While shoring up the balance sheet was to some extent aided by an extremely favourable interest rate environment, Brown was particularly pleased by “significant progress in key areas of our long-term strategy despite extensive market disruption.”

  1. Achieving and deepening liquidity. Fortress successfully sold ZAR 1.1 billion of largely non-core office and industrial assets at above book value over the last six months. Fortress will continue to dispose of assets in line with “our strategy to invest in, develop and manage South Africa’s largest holding of quality, state-of-the-art logistics assets located at leading urban logistics growth nodes as well as key convenience retail hubs in townships and rural areas,” says Brown.
  2. Letting and receiving offers on 340 000 square metres of Fortress’s one million square metre gross lettable area (GLA) logistics development pipeline in South Africa.A strong and growing balance sheet enabled Fortress to continue to realise its commitment to delivering one million square metres of GLA. This is “an achievement that we are proud of in these especially challenging times,” adds Brown.
  • Growing demand for Fortress’s Logistics and Retail assets. Fortress Logistics’ technically advanced, purpose-built logistics developments boast globally compliant fire safety features in well serviced and secure parks in prime locations enabling efficient supply chains. With state-of-the-art logistics infrastructure supporting higher volumes and greater efficiencies, “our parks were in high demand during Covid-19 as retail and logistic clients looked to consolidate distribution and hold more stock in support of their own ecommerce and omnichannel evolutions,” says Brown. Fortress Retail also managed its convenience and commuter-oriented retail portfolio very well in a challenging climate, maintaining trading densities across its 56 shopping centres at 2019 levels despite the impact of Covid-19. “We continue to invest in and recycle our retail assets through refurbishments, especially the installation of solar photovoltaic capacity currently running at 3 585 Mega Watt peak across all our assets. This is up from 2 808 Mega Watt peak in 30 June 2020,” says Brown.
  • Deepening investment in high-growth Central and Eastern Europe. As the largest shareholder in retail shopping centre investor NEPI Rockcastle Plc, Fortress increased its presence in Central and Eastern Europe with its first logistics acquisition. “We are excited to announce that in 2021 we entered the Polish logistics market, concluding the acquisition of Waimea Group’s two logistics parks in Bydgoszcz and Stargard,” reports Brown. Both are ideally situated in regional industrial zones benefitting from strong infrastructure. Major roads nearby allow for fast transportation of goods to businesses in Poland. Both developments are close to Germany presenting a powerful supply proposition for clients targeting Europe’s largest economy. We also welcome Maciej Tuszynski as our regional Managing Director who brings a wealth of experience and local knowledge,” says Brown.

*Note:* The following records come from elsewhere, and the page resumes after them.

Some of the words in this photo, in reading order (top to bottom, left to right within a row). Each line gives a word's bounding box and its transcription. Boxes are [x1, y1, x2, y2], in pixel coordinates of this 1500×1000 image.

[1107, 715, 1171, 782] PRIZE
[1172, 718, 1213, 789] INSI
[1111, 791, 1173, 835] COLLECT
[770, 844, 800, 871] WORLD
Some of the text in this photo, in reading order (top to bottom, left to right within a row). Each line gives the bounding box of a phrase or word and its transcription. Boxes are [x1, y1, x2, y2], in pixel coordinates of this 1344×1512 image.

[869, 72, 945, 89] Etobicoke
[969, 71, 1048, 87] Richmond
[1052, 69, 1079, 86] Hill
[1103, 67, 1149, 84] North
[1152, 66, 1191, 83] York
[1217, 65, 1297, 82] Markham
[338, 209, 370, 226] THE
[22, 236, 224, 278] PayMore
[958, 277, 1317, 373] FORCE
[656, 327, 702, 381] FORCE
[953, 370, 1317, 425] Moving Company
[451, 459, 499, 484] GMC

Key to Fortress’s success over the last year has been “our ability to partner with clients, powering their growth by understanding their challenges and supporting their own evolutions in response to change,” says Brown. Flexible leases and part-ownership arrangements are examples of adapting and innovating with our clients. By offering various options to scale up, Fortress kept logistics vacancies in the region of 4% despite pandemic disruption. More generally, overall vacancies across Fortress’s portfolios were reduced from 8.9% to 6.8%. This was all achieved while “shoring up the balance sheet with additional liquidity and reducing the loan-to-value ratio to 38.1%,” adds Brown.

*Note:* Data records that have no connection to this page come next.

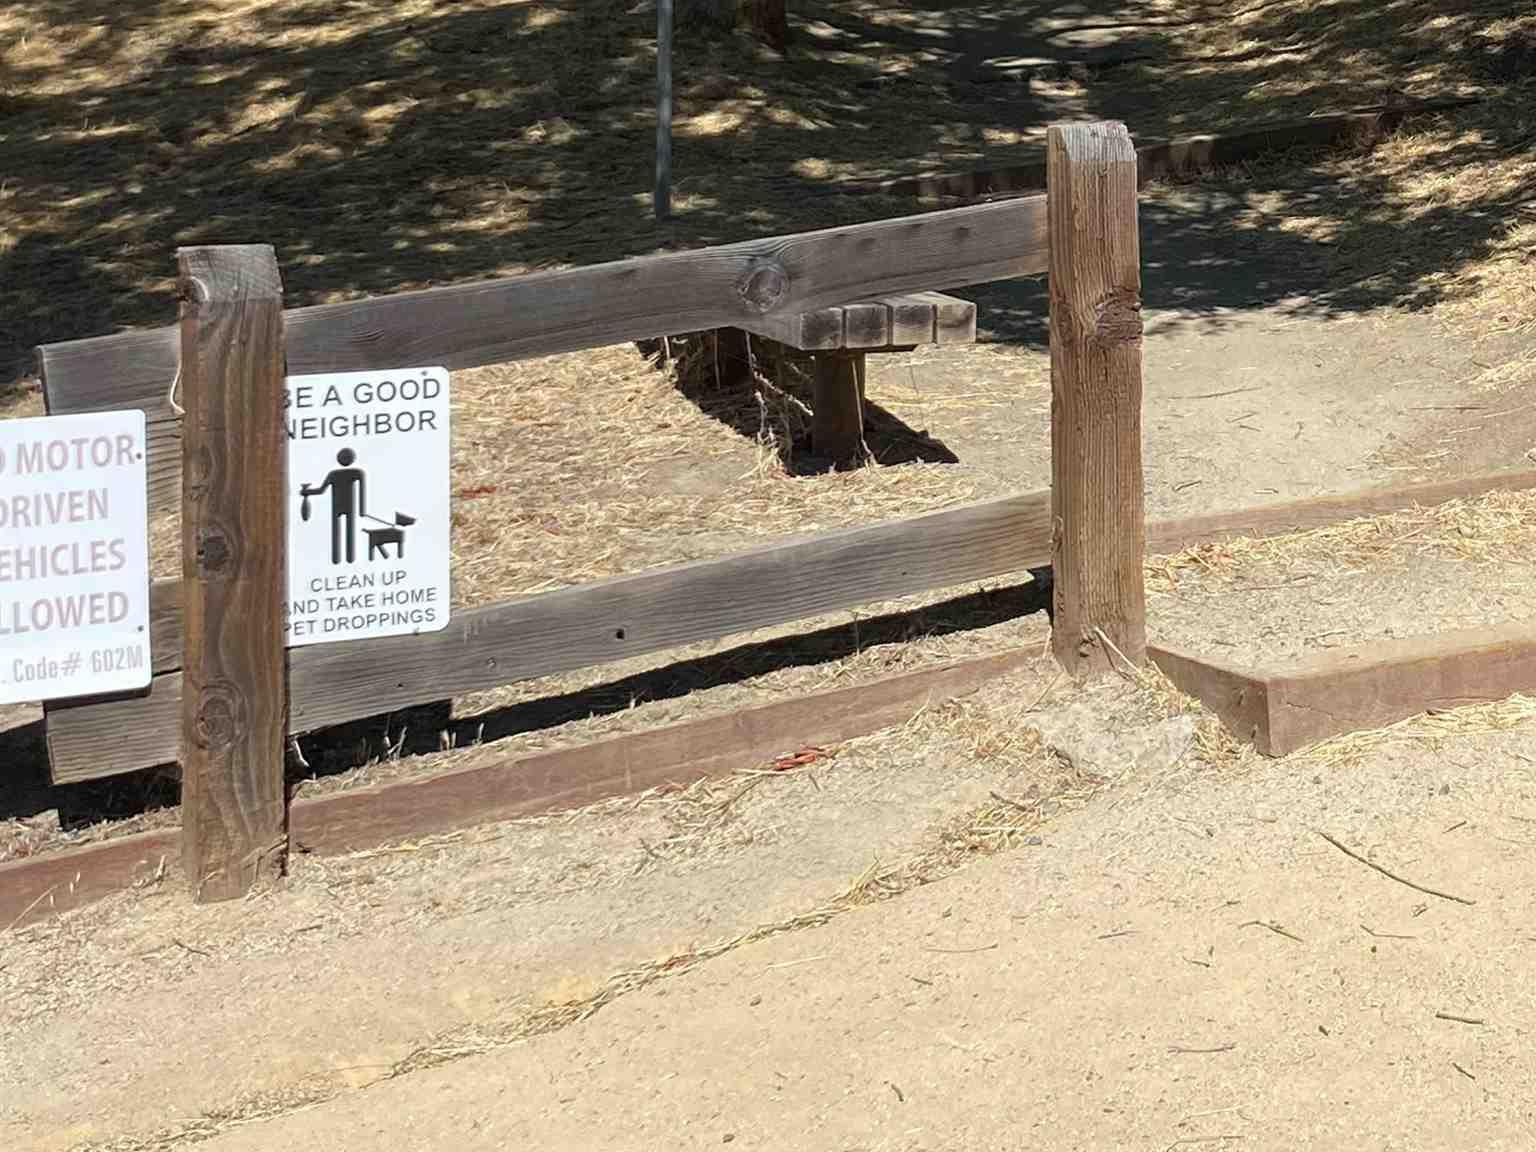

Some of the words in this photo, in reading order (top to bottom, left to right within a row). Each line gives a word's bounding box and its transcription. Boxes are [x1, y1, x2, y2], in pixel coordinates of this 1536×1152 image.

[322, 385, 343, 407] A
[353, 378, 440, 404] GOOD
[16, 434, 135, 474] MOTOR
[0, 538, 126, 581] EHICLES
[311, 573, 375, 593] CLEAN
[382, 570, 407, 586] UP
[327, 593, 375, 612] TAKE
[382, 587, 437, 606] HOME
[323, 607, 436, 633] DROPPINGS
[91, 645, 143, 673] 602M

Current results show that Fortress’s long-term strategic pivot to convenience retail and logistics real estate supported by deepening liquidity sustaining a strong balance sheet enabled South Africa’s largest provider of quality logistics assets to buck the trend in a challenging year for the real estate sector.

Going forward, signature client developments in key South African and European logistics developments “present a powerful long-term investment proposition as Fortress continues to roll out its pipeline of one million square metres of logistics GLA,” says Brown.